ACTIVITY ▸ Once the pictures are set aside, transcribe each line of the data exactly.

DATA SUPPLIED ▸
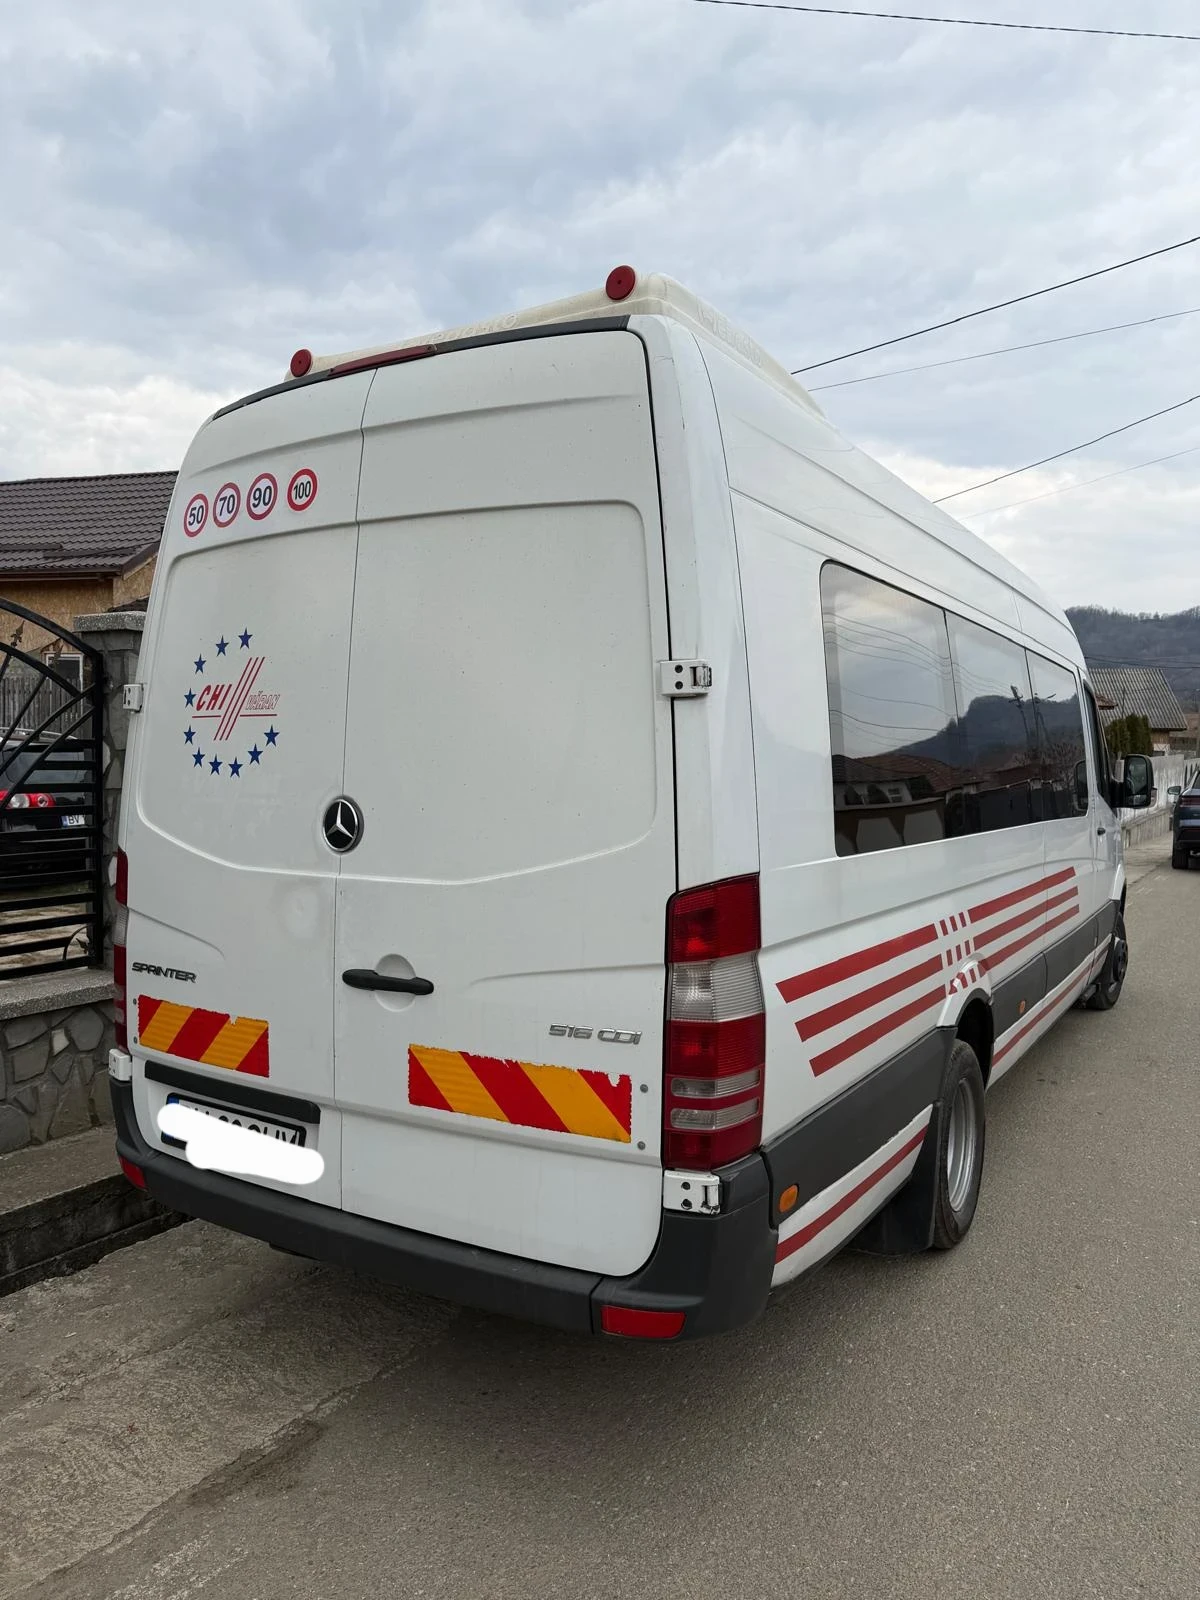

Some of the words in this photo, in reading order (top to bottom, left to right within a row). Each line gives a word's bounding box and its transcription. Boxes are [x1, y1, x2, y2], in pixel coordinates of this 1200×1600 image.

[188, 505, 204, 526] 50
[219, 494, 236, 517] 70
[252, 485, 273, 508] 90
[293, 480, 312, 500] 100
[196, 684, 232, 711] CHI
[132, 962, 197, 983] SPRINTER
[549, 1023, 593, 1039] 516

SOLUTION FOR THIS TASK ▸
Some of the words in this photo, in reading order (top to bottom, left to right within a row). Each line gives a word's bounding box and its transcription. Boxes are [x1, y1, x2, y2], in pixel coordinates of this 1200×1600 image.

[188, 505, 204, 526] 50
[219, 494, 236, 517] 70
[252, 485, 273, 508] 90
[293, 480, 312, 500] 100
[196, 684, 232, 711] CHI
[132, 962, 197, 983] SPRINTER
[549, 1023, 593, 1039] 516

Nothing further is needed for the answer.